In a report to the cabinet, Mr Wiles will explain that because the funds are held in trust, they cannot be diverted into the council’s “current account” to help meet Government cuts.

Instead he suggests that the best option would be to move the cash over to the Sheffield-based South Yorkshire Community Foundation (SYCF), which makes grants to grassroots organisations in the county.

He adds: “The first option would continue the present situation, whereby the funds are not meeting the needs of local people as envisaged by the original donors.

“Option two would result in the council continuing as the trustee with greatly increased administrative costs and it would be undertaking work that is not core to the council’s objectives.

“Option three would result in the funds being used to meet the needs of local people through an independent organisation regulated by the Charity Commission which would also be best placed to grow the size of the funds.”

Most of the other charities were originally set up to promote education either for adults or children, with one fund, the Jim MacFarlane Memorial Trust, containing more than £12,300.

That trust was set up in the 1980s, while another, known as Quintin Kay’s, was first started in 1804, contains more than £20,000 in total and was supposed to be dedicated to education and training for local people.

If approval is given for the cash to be transferred, it will become a Doncaster Communities Fund, which would be set up to award grants to projects which meet what Mr Wiles says are “council objectives”.
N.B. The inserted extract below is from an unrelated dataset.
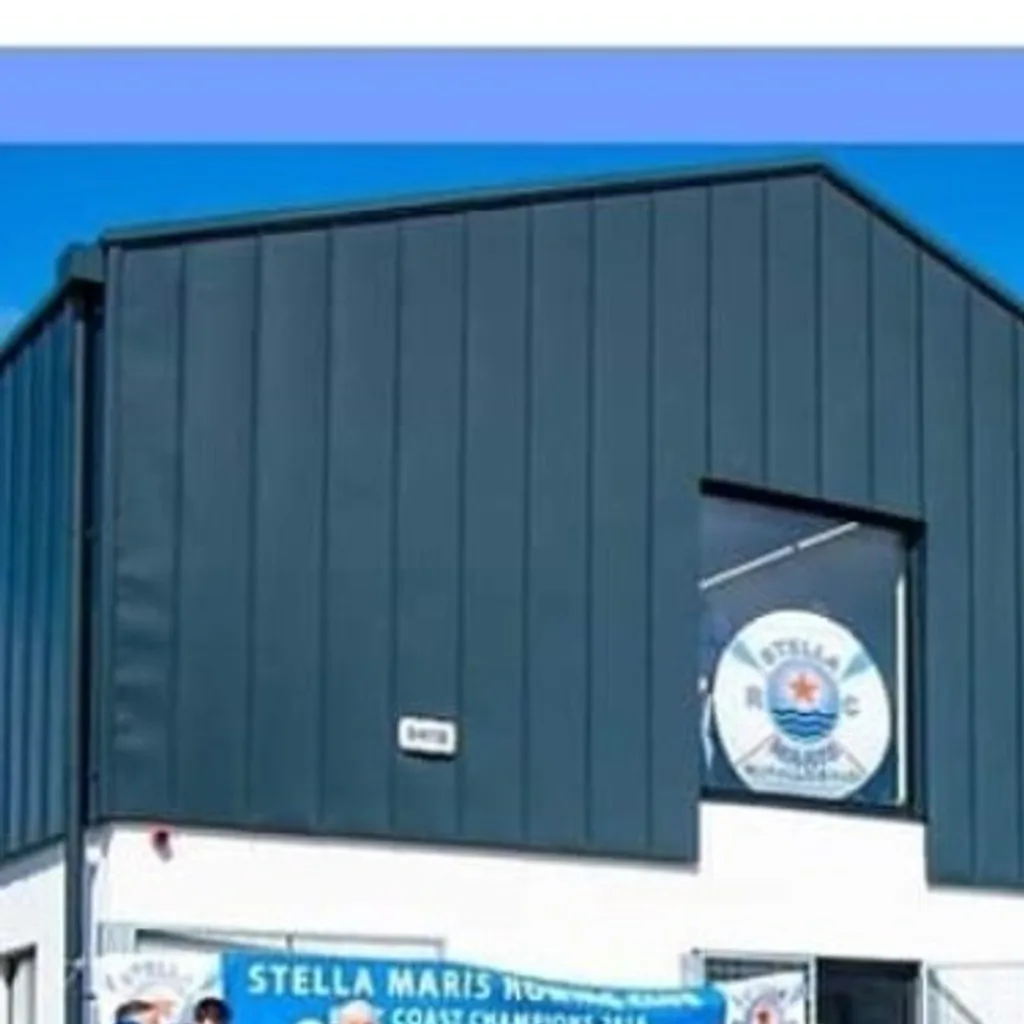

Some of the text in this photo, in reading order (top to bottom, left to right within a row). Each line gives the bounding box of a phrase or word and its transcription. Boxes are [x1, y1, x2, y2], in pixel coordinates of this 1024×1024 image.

He adds: “The SYCF will continue to identify possible sources of additional funds so the Doncaster Community Fund could increase over time.”

These could include donations by local businesses, further trust transfers, legacies and donations from businesses relocating to Doncaster.

It is proposed to set aside £5,000 from the fund immediately so that grants can be made in this financial year, in a bid to make the dormant cash start to work as its original donors intended.

The SYCF was first launched in 1986 and has made grant awards of more than £20m across the county since its inception.

Over the last three years, it has given out over £4m in grant aid, including more than £705,000 in Doncaster, and it co-ordinated a flood relief fund in the region in 2007.